- What you are asked to do
Retype exactly the lines from the one that contains "Some of the words" through the final line of the material below, and add nothing else.

- The data

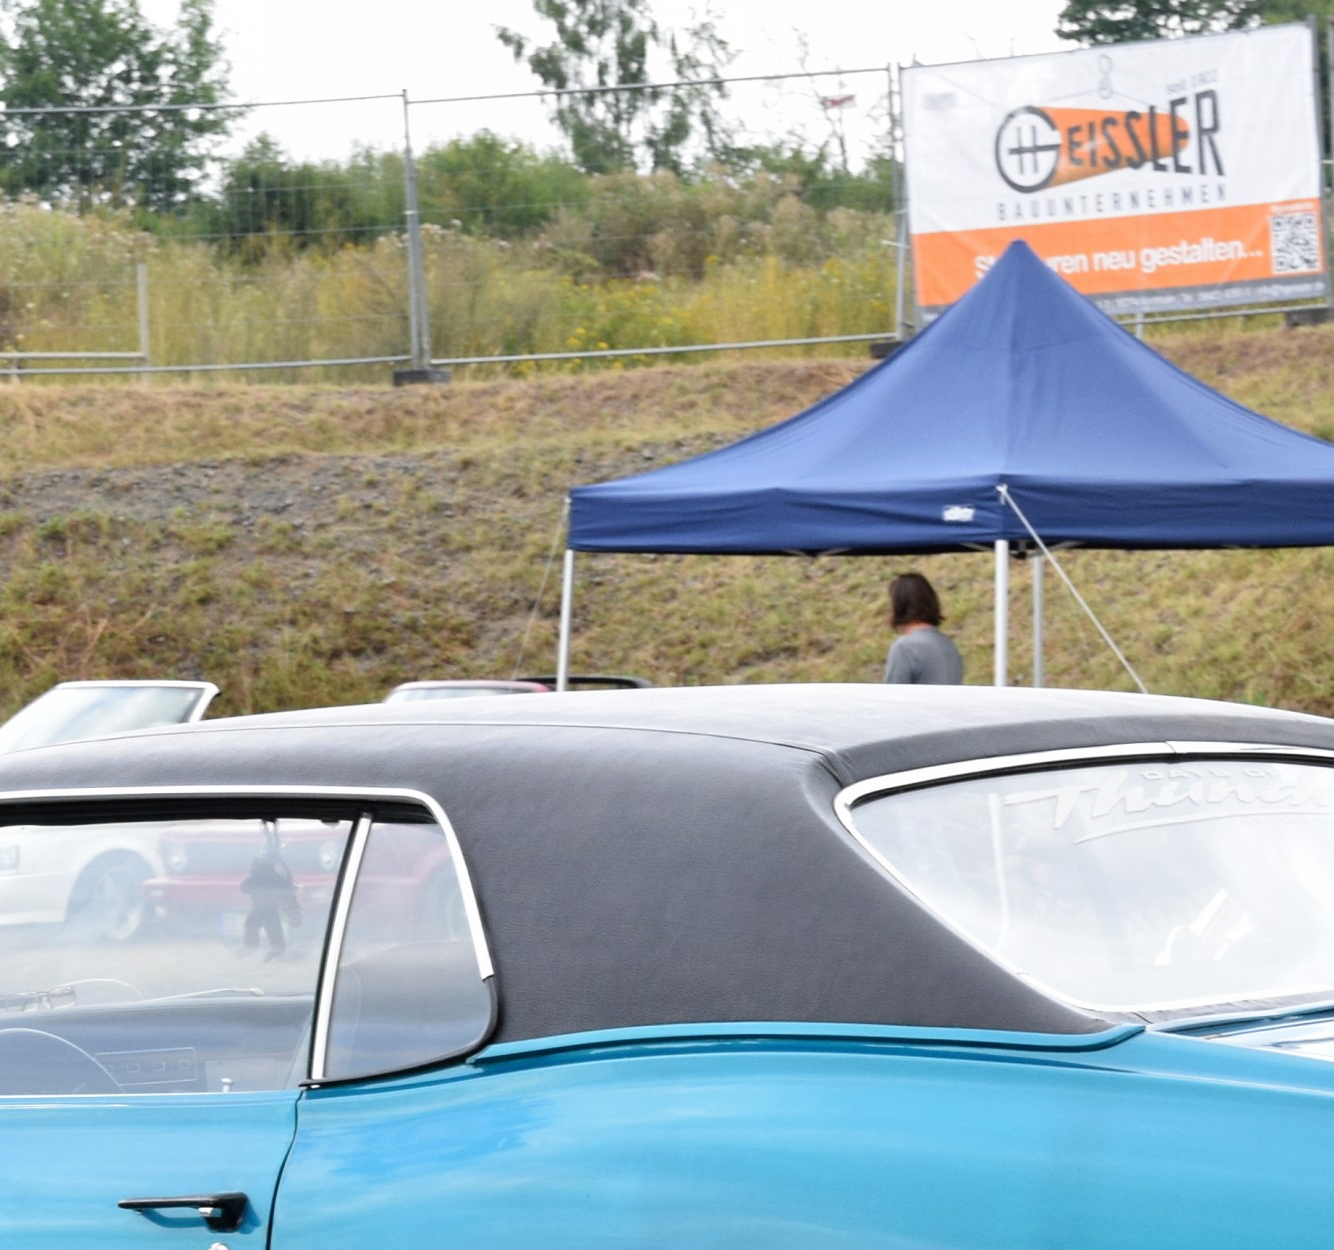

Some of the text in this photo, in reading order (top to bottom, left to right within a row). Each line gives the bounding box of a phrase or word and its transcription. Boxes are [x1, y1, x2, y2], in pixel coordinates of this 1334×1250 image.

[994, 88, 1225, 194] GEISSLER
[997, 183, 1227, 222] BAUUNTERNEHMEN
[1093, 249, 1136, 273] neu
[1139, 237, 1264, 275] gestalten...
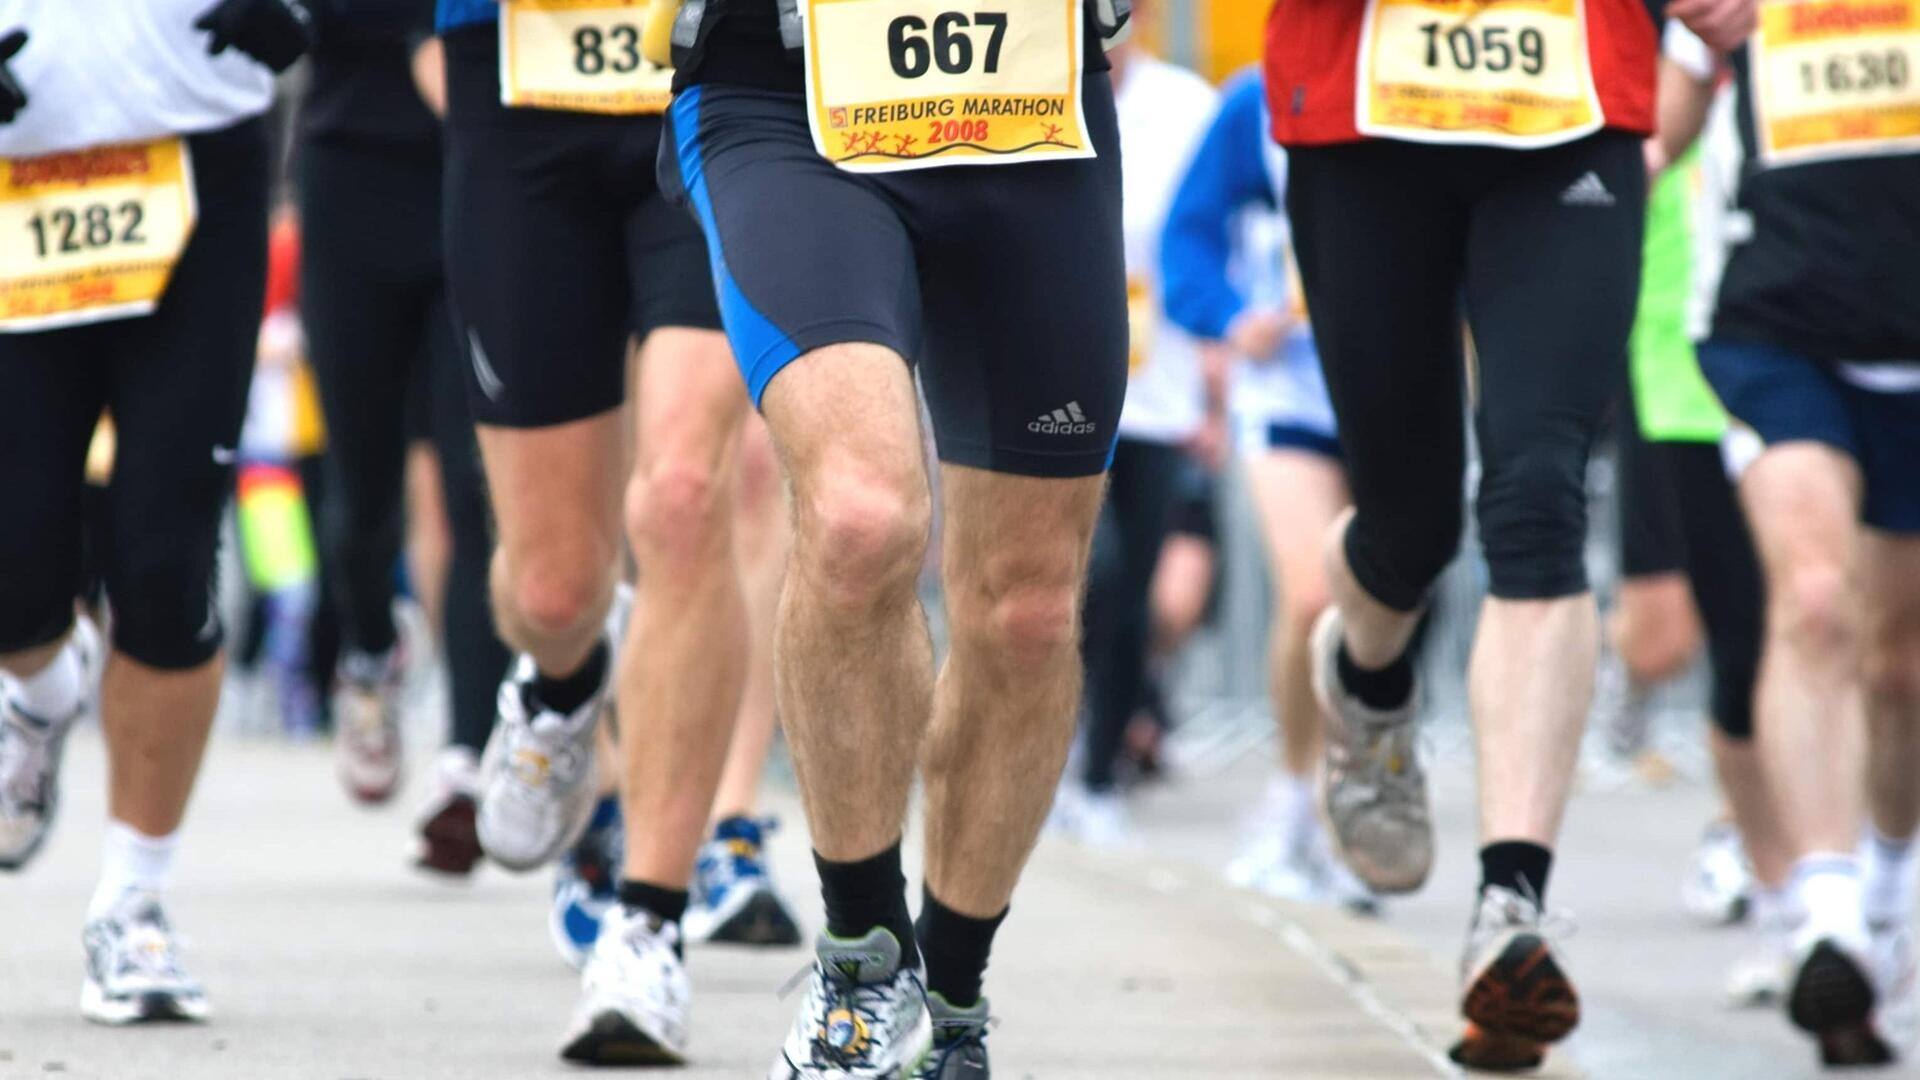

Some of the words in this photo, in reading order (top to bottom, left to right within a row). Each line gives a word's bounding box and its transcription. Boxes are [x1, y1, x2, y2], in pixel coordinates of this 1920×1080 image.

[573, 24, 664, 75] 83
[887, 11, 1008, 79] 667
[1419, 21, 1546, 76] 1059
[853, 99, 955, 125] FREIBURG
[961, 98, 1065, 117] MARATHON
[927, 119, 989, 144] 2008
[28, 201, 147, 257] 1282
[1027, 420, 1096, 435] adidas

- Output
Some of the words in this photo, in reading order (top to bottom, left to right within a row). Each line gives a word's bounding box and its transcription. Boxes are [x1, y1, x2, y2], in pixel coordinates of this 1920×1080 image.

[573, 24, 664, 75] 83
[887, 11, 1008, 79] 667
[1419, 21, 1546, 76] 1059
[853, 99, 955, 125] FREIBURG
[961, 98, 1065, 117] MARATHON
[927, 119, 989, 144] 2008
[28, 201, 147, 257] 1282
[1027, 420, 1096, 435] adidas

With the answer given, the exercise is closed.